** Opening Dataset entries block **

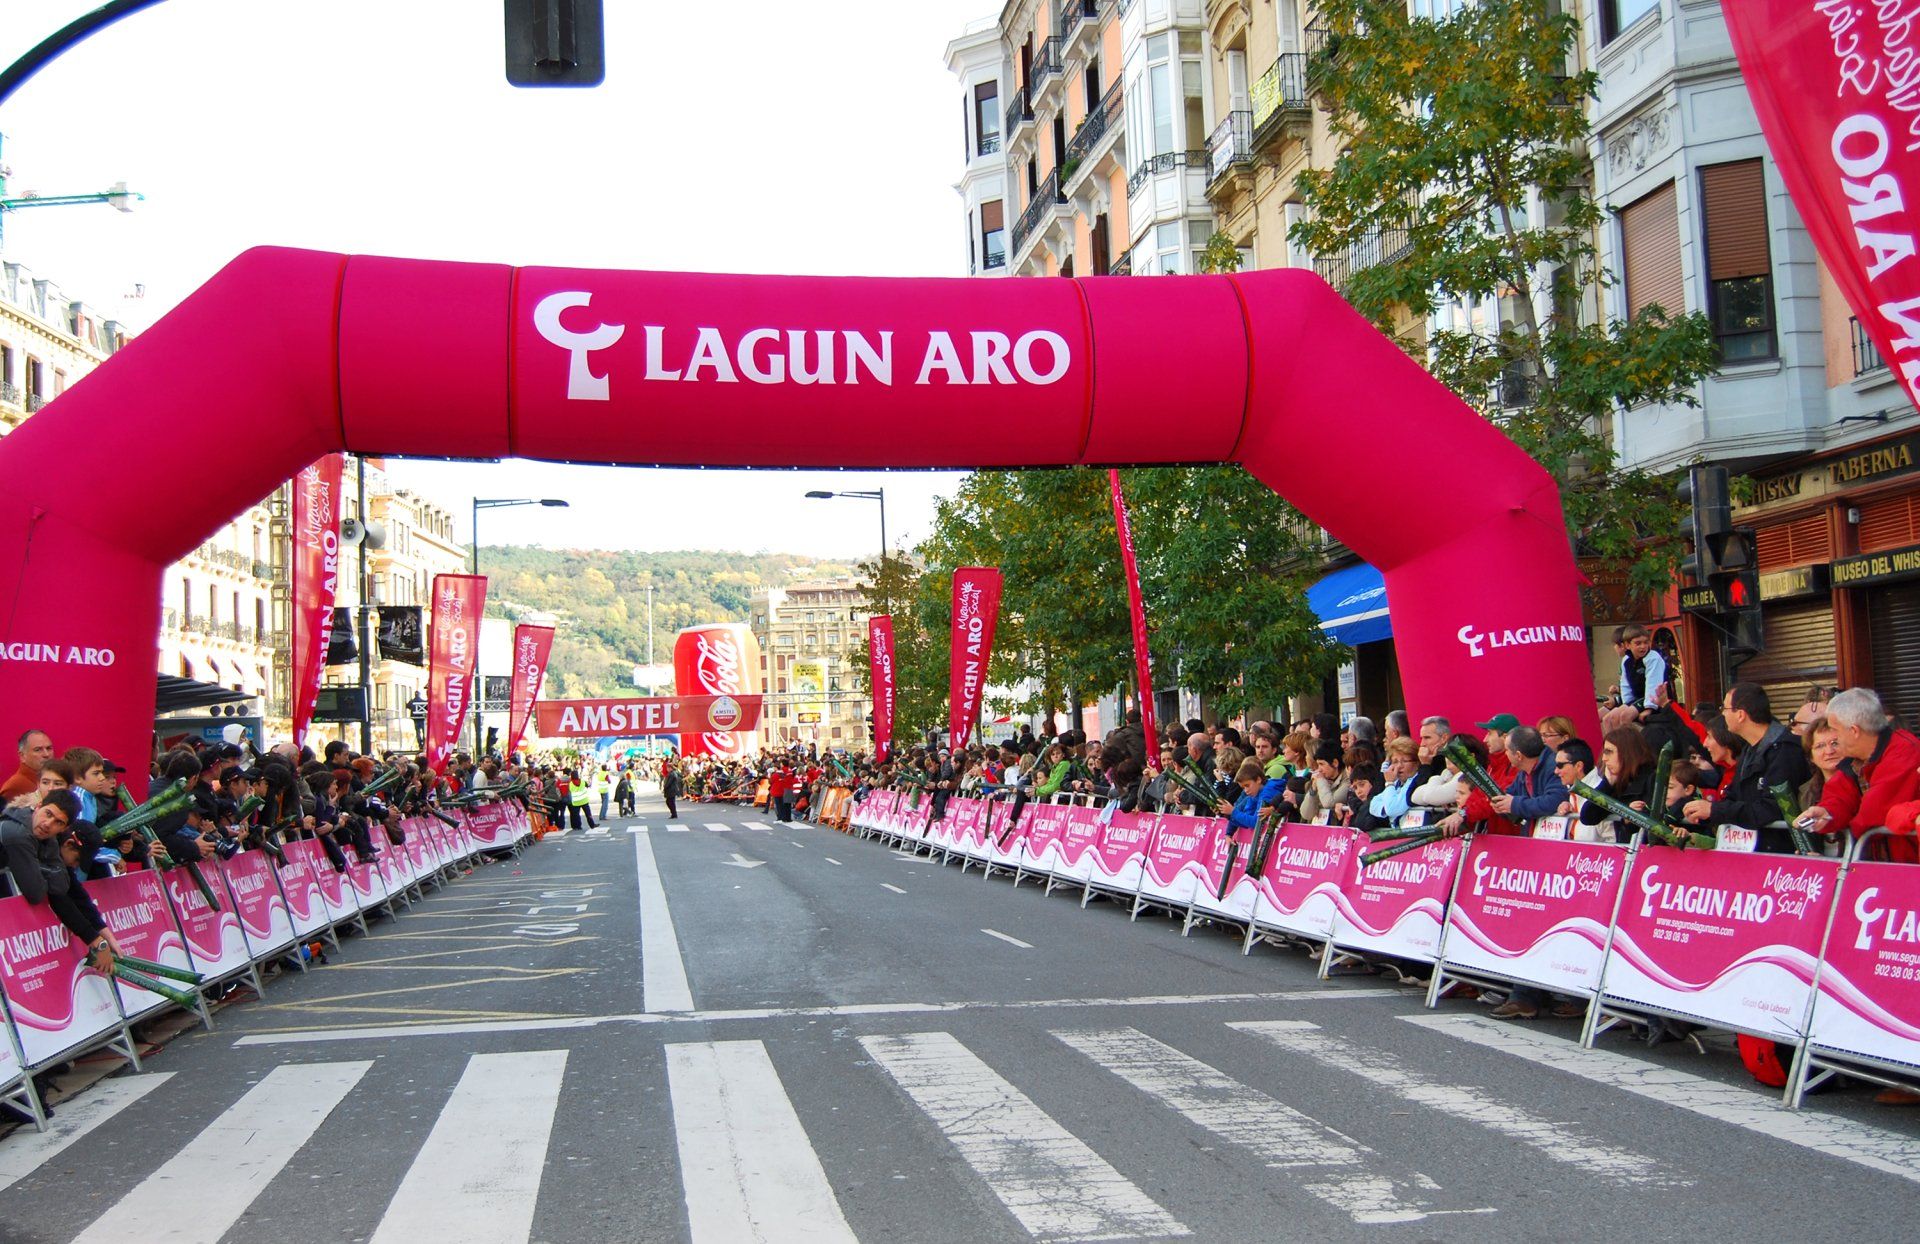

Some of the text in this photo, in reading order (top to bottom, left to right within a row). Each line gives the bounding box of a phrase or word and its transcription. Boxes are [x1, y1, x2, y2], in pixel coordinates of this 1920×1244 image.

[643, 326, 1071, 387] LAGUN ARO
[1751, 443, 1913, 505] HISKY TABERNA
[322, 529, 340, 598] ARO
[1834, 561, 1870, 583] MUSEO
[1872, 556, 1892, 576] DEL
[1682, 592, 1700, 608] SALA
[1700, 590, 1709, 605] DE
[1488, 625, 1583, 648] LAGUN ARO
[66, 646, 115, 667] ARO
[964, 617, 983, 721] AGUN ARO
[447, 627, 467, 736] AGUN ARO
[558, 704, 679, 732] AMSTEL
[1283, 847, 1330, 870] LAGUN ARO
[1366, 859, 1427, 884] LAGUN ARO
[1488, 866, 1576, 900] LAGUN ARO
[1660, 883, 1774, 924] LAGUN ARO
[1776, 893, 1808, 921] Social
[107, 906, 138, 933] LAGUN
[1656, 917, 1735, 937] www.seguroslagunaro.com
[1883, 908, 1920, 943] LA
[5, 922, 69, 963] LAGUN ARO
[1653, 928, 1664, 939] 902
[1664, 930, 1673, 941] 38
[1680, 932, 1690, 943] 38
[1874, 963, 1890, 977] 902
[1890, 966, 1902, 979] 38
[1902, 967, 1914, 980] 08
[1769, 1003, 1791, 1015] Laboral
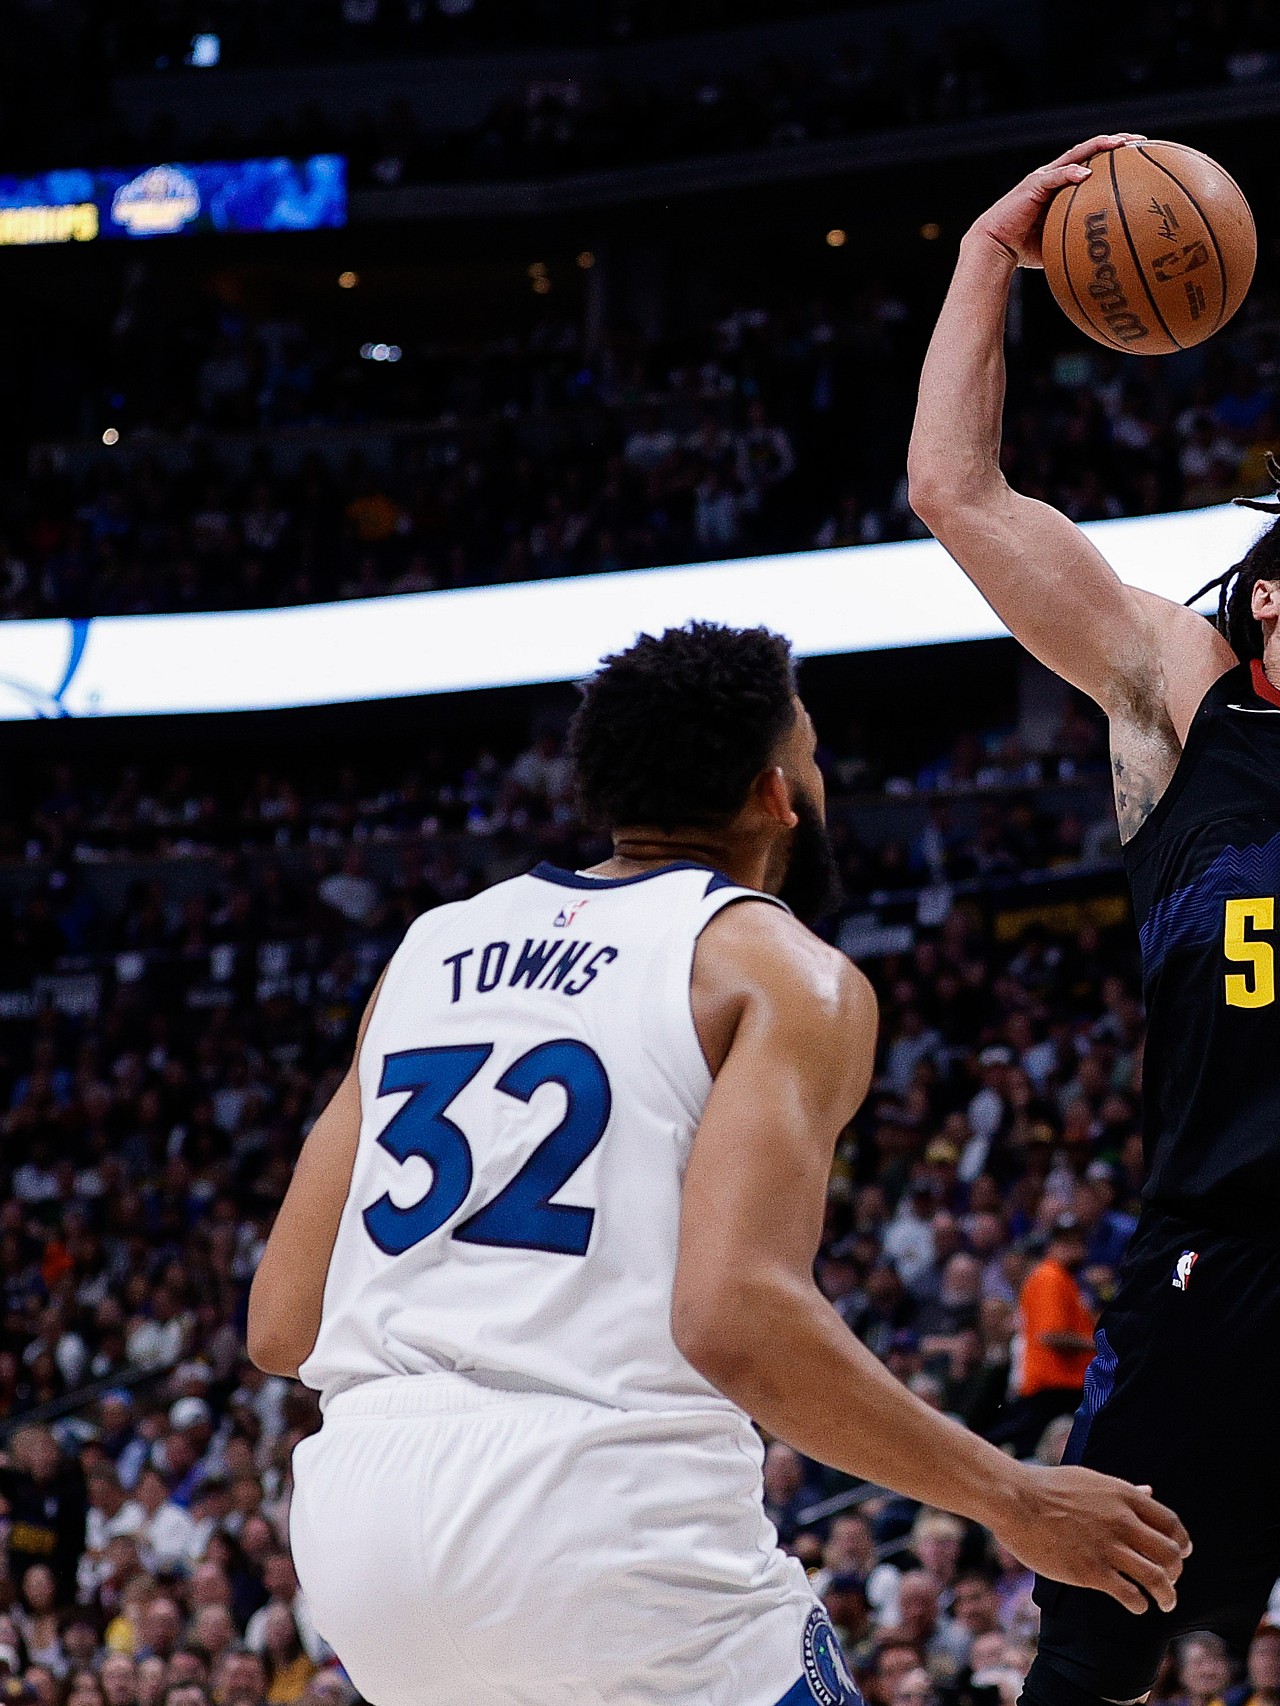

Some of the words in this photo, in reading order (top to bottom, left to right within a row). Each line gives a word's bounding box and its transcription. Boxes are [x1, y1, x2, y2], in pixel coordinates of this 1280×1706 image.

[1084, 208, 1148, 342] Wilson
[442, 938, 619, 1004] TOWNS
[362, 1038, 612, 1257] 32
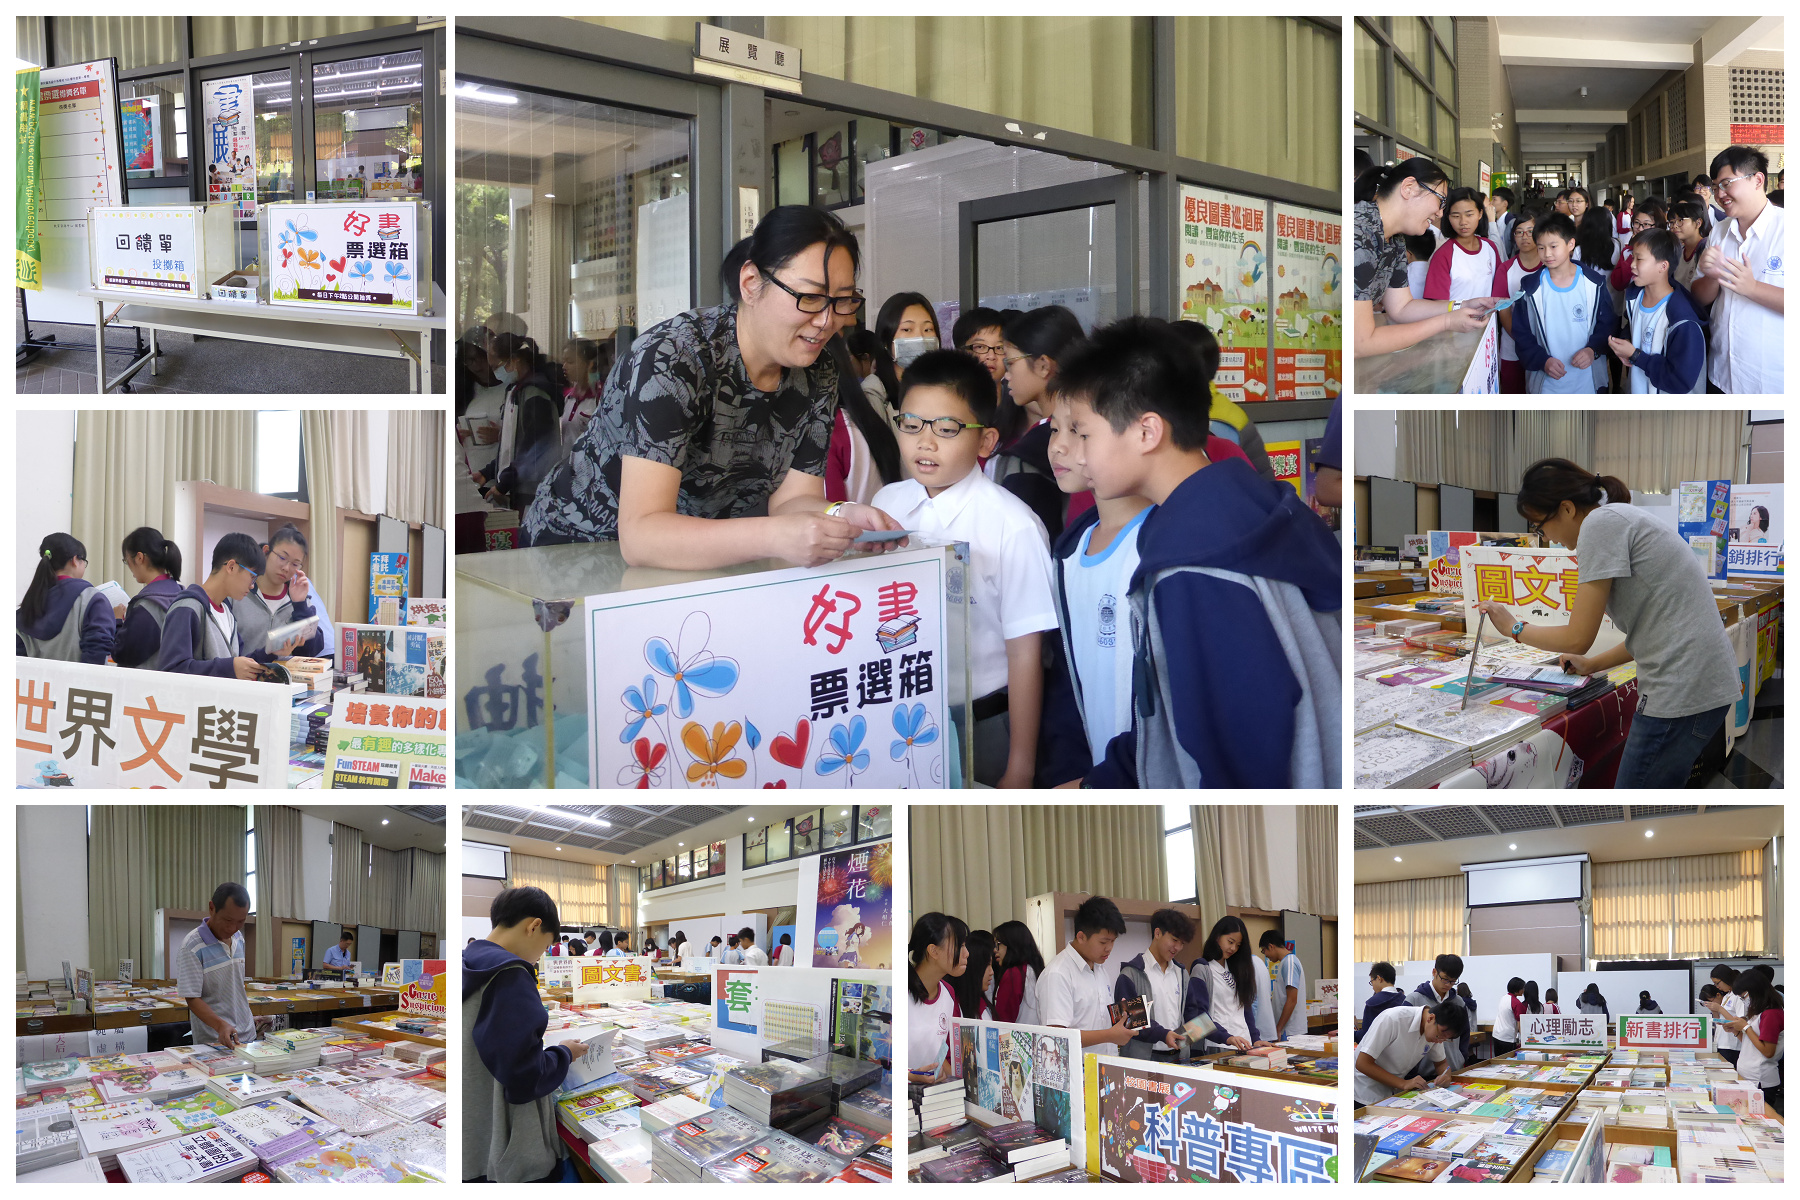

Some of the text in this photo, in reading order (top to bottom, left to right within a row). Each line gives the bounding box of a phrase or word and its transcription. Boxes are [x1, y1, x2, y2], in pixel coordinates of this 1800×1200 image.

[719, 36, 784, 67] 展覽廳
[343, 210, 401, 237] 好書
[1184, 196, 1264, 233] 優良圖書巡迴展
[1276, 213, 1342, 245] 優良圖書巡迴展
[116, 233, 172, 253] 回饋單
[346, 241, 408, 260] 票選箱
[152, 259, 185, 271] 投擲箱
[1728, 548, 1781, 567] 銷排行
[802, 580, 918, 655] 好書
[810, 649, 934, 722] 票選箱
[16, 678, 260, 789] 世界文學
[336, 758, 380, 773] FunSTEAM
[410, 767, 446, 784] Make
[335, 772, 358, 784] STEAM
[847, 850, 869, 900] 煙花
[581, 963, 642, 986] 圖文書
[725, 980, 758, 1014] 套
[1530, 1017, 1595, 1036] 心理勵志
[1626, 1021, 1702, 1040] 新書排行
[1125, 1076, 1171, 1094] 校園書展
[1144, 1102, 1338, 1183] 科普專區

** Closing Dataset entries block **

▸ What you have to do
Your copy must reproduce the entries above in full, without their pictures.

▸ Completed task
Some of the text in this photo, in reading order (top to bottom, left to right within a row). Each line gives the bounding box of a phrase or word and its transcription. Boxes are [x1, y1, x2, y2], in pixel coordinates of this 1920×1244 image.

[643, 326, 1071, 387] LAGUN ARO
[1751, 443, 1913, 505] HISKY TABERNA
[322, 529, 340, 598] ARO
[1834, 561, 1870, 583] MUSEO
[1872, 556, 1892, 576] DEL
[1682, 592, 1700, 608] SALA
[1700, 590, 1709, 605] DE
[1488, 625, 1583, 648] LAGUN ARO
[66, 646, 115, 667] ARO
[964, 617, 983, 721] AGUN ARO
[447, 627, 467, 736] AGUN ARO
[558, 704, 679, 732] AMSTEL
[1283, 847, 1330, 870] LAGUN ARO
[1366, 859, 1427, 884] LAGUN ARO
[1488, 866, 1576, 900] LAGUN ARO
[1660, 883, 1774, 924] LAGUN ARO
[1776, 893, 1808, 921] Social
[107, 906, 138, 933] LAGUN
[1656, 917, 1735, 937] www.seguroslagunaro.com
[1883, 908, 1920, 943] LA
[5, 922, 69, 963] LAGUN ARO
[1653, 928, 1664, 939] 902
[1664, 930, 1673, 941] 38
[1680, 932, 1690, 943] 38
[1874, 963, 1890, 977] 902
[1890, 966, 1902, 979] 38
[1902, 967, 1914, 980] 08
[1769, 1003, 1791, 1015] Laboral

Some of the words in this photo, in reading order (top to bottom, left to right within a row). Each line gives a word's bounding box and its transcription. Boxes are [x1, y1, x2, y2], in pixel coordinates of this 1280×1706 image.

[1084, 208, 1148, 342] Wilson
[442, 938, 619, 1004] TOWNS
[362, 1038, 612, 1257] 32

Some of the text in this photo, in reading order (top to bottom, left to right within a row). Each line gives the bounding box of a phrase or word and its transcription. Boxes are [x1, y1, x2, y2], in pixel coordinates of this 1800×1200 image.

[719, 36, 784, 67] 展覽廳
[343, 210, 401, 237] 好書
[1184, 196, 1264, 233] 優良圖書巡迴展
[1276, 213, 1342, 245] 優良圖書巡迴展
[116, 233, 172, 253] 回饋單
[346, 241, 408, 260] 票選箱
[152, 259, 185, 271] 投擲箱
[1728, 548, 1781, 567] 銷排行
[802, 580, 918, 655] 好書
[810, 649, 934, 722] 票選箱
[16, 678, 260, 789] 世界文學
[336, 758, 380, 773] FunSTEAM
[410, 767, 446, 784] Make
[335, 772, 358, 784] STEAM
[847, 850, 869, 900] 煙花
[581, 963, 642, 986] 圖文書
[725, 980, 758, 1014] 套
[1530, 1017, 1595, 1036] 心理勵志
[1626, 1021, 1702, 1040] 新書排行
[1125, 1076, 1171, 1094] 校園書展
[1144, 1102, 1338, 1183] 科普專區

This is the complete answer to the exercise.